Figure 2. Spatial and temporal properties of Ca²⁺ dynamics.

(A) Cartoon of four spatial scales of Ca²⁺ dynamics. Blips involve only one receptor activated channel. Puffs involve more than one receptor-activated channel (IP₃R or RyR). In a spike, the entire cell is active, and Ca²⁺ may spread to adjacent cells. An intercellular Ca²⁺ wave (ICW) involves multiple full-cell responses that are chained together, resulting in a self-sustaining transient of Ca²⁺ signaling across an entire tissue. Arrows represent the diffusion of the Ca²⁺ signal dynamics. (B) Several examples of Ca²⁺ signals. Shown is a slow change in Ca²⁺ concentration, a sinusoidal Ca²⁺ oscillation, and Ca²⁺ oscillation spikes. An oscillatory signal can contain more information than a static signal including oscillation Frequency, Amplitude, Basal concentration, and Width at Half Max (WHM). (C) Example of how a dynamic signal can be decoded to activate one of two different targets.
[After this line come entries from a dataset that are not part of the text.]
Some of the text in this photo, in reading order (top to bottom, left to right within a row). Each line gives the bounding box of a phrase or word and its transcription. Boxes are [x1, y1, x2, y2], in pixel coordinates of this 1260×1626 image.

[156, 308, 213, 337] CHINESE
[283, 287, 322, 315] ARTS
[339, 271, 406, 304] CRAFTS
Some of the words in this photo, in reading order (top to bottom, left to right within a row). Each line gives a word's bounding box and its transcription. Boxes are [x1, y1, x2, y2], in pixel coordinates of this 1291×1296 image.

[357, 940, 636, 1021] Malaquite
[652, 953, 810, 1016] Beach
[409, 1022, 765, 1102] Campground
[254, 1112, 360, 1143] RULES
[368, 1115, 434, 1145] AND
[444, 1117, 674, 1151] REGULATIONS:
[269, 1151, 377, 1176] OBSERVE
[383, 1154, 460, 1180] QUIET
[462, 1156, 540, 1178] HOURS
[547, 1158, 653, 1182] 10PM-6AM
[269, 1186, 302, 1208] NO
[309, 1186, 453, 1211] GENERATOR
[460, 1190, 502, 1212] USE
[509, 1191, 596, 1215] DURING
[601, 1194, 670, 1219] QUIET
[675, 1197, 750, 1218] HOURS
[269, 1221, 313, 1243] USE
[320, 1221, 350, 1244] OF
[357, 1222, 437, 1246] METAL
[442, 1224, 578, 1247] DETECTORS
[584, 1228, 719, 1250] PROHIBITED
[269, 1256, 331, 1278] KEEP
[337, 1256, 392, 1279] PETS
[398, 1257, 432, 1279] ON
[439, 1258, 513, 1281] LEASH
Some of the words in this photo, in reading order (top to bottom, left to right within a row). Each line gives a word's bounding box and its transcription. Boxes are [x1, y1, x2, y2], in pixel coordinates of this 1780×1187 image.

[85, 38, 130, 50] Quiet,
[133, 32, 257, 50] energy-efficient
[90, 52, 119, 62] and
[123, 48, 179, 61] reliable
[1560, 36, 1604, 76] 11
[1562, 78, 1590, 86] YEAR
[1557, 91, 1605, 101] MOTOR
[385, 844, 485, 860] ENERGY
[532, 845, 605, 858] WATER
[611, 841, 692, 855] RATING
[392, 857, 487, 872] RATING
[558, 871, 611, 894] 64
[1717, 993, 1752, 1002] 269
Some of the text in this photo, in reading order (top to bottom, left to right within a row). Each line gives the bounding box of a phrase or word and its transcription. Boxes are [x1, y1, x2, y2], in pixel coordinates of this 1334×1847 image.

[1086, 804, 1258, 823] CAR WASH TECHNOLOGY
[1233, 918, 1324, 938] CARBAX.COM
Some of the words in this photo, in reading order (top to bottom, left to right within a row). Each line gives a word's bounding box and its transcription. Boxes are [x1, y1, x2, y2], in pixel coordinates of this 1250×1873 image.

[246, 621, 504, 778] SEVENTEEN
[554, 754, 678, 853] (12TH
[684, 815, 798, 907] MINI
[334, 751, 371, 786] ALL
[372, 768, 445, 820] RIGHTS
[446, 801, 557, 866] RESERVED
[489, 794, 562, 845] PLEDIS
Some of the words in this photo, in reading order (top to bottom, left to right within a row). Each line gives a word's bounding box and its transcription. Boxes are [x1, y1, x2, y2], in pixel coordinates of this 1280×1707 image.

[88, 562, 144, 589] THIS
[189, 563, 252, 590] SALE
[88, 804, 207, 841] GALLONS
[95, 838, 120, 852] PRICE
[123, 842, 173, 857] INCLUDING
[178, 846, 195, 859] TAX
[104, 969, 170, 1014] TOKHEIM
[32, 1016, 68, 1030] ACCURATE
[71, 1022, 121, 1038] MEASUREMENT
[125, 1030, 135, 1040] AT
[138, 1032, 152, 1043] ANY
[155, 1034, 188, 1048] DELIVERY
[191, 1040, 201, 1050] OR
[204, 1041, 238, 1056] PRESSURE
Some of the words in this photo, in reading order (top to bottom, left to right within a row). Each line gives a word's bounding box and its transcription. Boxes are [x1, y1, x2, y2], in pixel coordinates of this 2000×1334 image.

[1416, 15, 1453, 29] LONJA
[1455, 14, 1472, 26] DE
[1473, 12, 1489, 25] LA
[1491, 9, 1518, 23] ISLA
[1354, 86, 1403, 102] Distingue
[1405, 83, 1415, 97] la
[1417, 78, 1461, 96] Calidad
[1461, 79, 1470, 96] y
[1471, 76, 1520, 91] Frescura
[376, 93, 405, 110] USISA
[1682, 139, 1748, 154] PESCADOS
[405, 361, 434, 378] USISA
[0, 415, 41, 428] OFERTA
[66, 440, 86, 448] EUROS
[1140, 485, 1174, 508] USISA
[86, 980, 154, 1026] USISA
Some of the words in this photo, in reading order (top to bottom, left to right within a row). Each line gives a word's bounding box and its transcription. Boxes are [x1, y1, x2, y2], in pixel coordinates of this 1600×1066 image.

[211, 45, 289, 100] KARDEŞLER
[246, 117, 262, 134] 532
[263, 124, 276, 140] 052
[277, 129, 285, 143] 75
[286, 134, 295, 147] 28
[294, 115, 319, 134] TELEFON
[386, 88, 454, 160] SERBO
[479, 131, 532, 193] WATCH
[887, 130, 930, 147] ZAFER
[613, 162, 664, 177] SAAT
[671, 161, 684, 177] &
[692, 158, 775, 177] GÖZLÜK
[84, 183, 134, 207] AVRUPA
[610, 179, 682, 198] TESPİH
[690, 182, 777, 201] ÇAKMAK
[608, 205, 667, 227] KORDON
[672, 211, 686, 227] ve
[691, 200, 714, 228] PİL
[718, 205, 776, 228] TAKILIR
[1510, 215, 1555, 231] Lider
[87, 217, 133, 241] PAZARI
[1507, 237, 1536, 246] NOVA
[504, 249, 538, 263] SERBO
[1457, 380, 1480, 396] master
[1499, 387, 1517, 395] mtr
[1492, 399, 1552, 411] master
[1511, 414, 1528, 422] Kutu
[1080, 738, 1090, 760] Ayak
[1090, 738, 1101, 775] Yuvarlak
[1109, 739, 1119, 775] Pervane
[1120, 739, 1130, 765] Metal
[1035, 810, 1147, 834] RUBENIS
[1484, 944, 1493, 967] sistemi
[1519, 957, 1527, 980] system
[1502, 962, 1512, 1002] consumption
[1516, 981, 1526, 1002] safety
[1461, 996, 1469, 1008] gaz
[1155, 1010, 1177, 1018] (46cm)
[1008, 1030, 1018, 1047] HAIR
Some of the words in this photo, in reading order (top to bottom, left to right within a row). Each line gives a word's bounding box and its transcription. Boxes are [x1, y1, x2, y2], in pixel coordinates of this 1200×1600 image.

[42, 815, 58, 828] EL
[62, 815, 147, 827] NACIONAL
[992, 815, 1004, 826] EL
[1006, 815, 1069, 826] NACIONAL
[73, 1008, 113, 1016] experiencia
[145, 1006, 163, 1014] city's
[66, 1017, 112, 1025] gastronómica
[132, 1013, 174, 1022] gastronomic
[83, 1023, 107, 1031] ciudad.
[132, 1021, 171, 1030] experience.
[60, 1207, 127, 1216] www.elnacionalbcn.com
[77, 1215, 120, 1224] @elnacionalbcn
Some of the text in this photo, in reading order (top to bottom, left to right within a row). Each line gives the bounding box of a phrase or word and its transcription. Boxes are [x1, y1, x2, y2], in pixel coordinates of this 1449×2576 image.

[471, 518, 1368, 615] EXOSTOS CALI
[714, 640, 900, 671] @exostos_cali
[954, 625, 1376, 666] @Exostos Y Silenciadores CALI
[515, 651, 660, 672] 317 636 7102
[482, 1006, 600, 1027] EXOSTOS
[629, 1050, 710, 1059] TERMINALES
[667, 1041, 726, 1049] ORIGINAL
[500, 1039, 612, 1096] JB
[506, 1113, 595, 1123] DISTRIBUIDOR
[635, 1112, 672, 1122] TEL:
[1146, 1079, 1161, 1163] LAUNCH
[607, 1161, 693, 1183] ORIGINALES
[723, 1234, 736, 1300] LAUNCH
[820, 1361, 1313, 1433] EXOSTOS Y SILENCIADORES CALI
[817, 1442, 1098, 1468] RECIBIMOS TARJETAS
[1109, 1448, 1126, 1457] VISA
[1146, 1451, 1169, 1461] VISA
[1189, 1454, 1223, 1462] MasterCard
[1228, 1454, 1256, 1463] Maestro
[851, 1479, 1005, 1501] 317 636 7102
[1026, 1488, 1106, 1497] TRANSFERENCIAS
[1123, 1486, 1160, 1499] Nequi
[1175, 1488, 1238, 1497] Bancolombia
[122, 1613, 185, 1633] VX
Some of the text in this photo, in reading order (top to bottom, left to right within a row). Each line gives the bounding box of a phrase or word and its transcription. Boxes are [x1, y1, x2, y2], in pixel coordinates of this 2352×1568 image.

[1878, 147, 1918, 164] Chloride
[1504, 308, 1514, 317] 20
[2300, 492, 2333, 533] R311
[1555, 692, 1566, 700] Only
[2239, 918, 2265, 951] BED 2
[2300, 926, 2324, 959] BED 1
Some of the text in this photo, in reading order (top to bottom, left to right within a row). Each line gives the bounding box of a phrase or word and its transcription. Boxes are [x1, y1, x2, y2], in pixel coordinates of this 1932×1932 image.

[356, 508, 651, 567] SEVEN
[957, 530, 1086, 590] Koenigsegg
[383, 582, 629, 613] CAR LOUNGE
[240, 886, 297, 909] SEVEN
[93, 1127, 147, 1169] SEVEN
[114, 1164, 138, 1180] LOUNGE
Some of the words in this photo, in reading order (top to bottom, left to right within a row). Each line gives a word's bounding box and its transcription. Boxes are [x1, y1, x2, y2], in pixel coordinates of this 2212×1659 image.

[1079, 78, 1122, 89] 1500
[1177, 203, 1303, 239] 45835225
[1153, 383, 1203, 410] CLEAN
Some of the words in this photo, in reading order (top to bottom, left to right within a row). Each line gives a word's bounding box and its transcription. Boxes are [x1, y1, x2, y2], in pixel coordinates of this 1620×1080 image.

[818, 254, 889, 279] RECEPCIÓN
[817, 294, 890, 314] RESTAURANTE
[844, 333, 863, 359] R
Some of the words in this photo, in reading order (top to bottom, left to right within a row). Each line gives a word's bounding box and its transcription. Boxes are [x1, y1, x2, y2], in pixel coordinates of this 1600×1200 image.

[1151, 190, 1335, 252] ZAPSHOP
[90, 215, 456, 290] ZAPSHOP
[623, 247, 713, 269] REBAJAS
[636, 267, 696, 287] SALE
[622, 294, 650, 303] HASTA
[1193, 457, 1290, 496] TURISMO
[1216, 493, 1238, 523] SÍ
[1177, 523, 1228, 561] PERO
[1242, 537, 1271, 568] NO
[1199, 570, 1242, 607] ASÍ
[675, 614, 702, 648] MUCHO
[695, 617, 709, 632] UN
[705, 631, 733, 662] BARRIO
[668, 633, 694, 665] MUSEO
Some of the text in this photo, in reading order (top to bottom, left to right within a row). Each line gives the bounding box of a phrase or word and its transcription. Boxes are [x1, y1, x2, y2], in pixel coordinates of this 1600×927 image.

In this case, the red signal is a non-oscillatory sustained increase in basal Ca²⁺ concentration, and the green signal is an oscillatory signal with high frequency and low amplitude and WHM. MLCK has a low activation threshold and can detect the change in basal concentration caused by the red signal. NFAT has a slow decay rate and can accumulate after many individual Ca²⁺ oscillations.